Der EHC Dürnten Vikings ist auf diese Saison hin zurückgekehrt in die Gruppe 2 und damit auch zurück beim EHC Illnau-Effretikon. Die Gruppenzusammensetzung verspricht viel Spannung. Das hat mit den Dürntnern zu tun, die die letzte Qualifikation in der Gruppe 1 für sich entschieden. Es hat aber auch mit dem SC Küsnacht zu tun, einem weiteren letztjährigen Spitzenteam, das die Gruppe wechselte. Der Seeklub ist nichts weniger als der Schweizer Meister der 2. Liga.

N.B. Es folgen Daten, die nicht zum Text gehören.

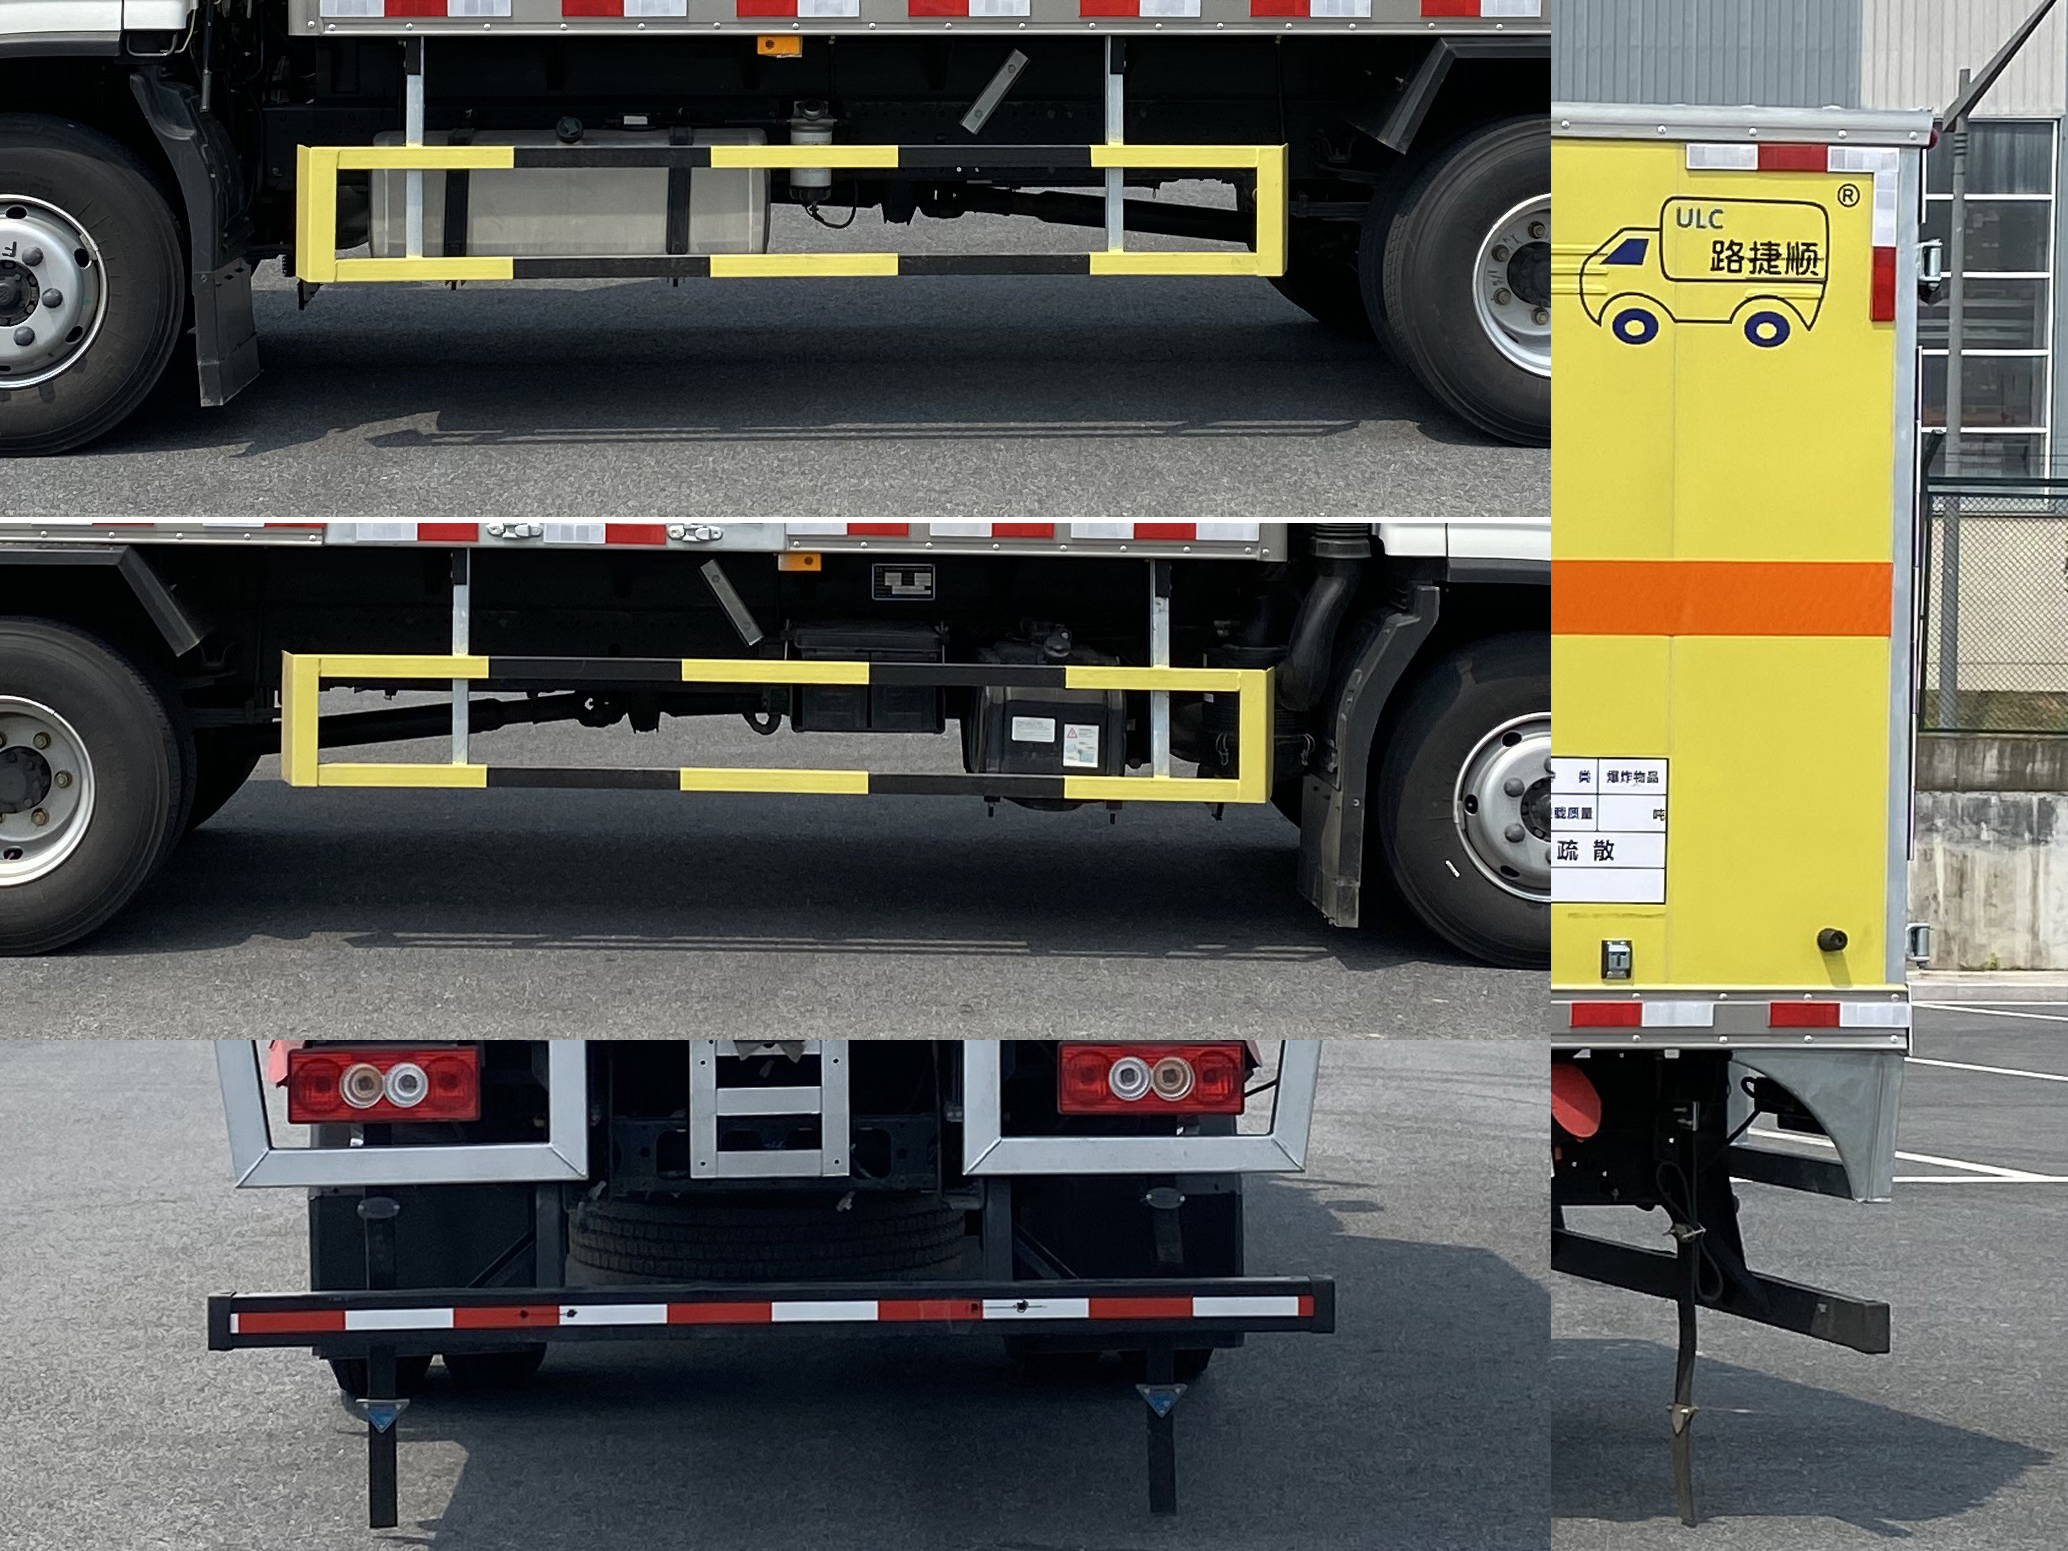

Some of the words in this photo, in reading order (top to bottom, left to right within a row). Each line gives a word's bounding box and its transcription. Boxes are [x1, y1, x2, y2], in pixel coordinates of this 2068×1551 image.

[1676, 207, 1724, 229] ULC
[1710, 239, 1819, 276] 路捷顺
[1606, 770, 1659, 783] 爆炸物品
[1551, 806, 1593, 820] 载质量
[1652, 809, 1665, 821] 吨

EIE-Trainer Christian Anderegg bezeichnet allerdings eine andere Mannschaft als grossen Favoriten – den EV Dielsdorf-Niederhasli. Die Unterländer haben sich aus seiner Sicht deutlich verstärkt. Andereggs Eindruck dürfte nicht so falsch sein. Dielsdorf-Niederhasli fuhr in der Vorbereitung lauter und zum Teil klare Siege ein, zerzauste den allerdings mitten in einem Trainingswochenende steckenden EIE gleich 10:0.

Dünner ist die Luft in der Gruppe indes auch durch den Abstieg von Schaffhausen geworden. Wie das? Derart chancenlos wie die Schaffhauser, die letzte Saison in 18 Partien einen Sieg zustande brachten, dürfte heuer kein Team mehr sein. Vikings-Sportchef Alain Deubelbeiss gefällt die herausfordernde Konstellation. «Das ist doch cool», sagt er. EIE-Coach Anderegg stellt sich derweil auf den Standpunkt: «Es ist die wohl stärkste Gruppe in den letzten fünf bis zehn Jahren.»

Verändert hat sich der Modus. Nur sieben der neun Teams kommen in die Playoffs. Der Qualifikationssieger hat dafür in der ersten Playoff-Runde frei.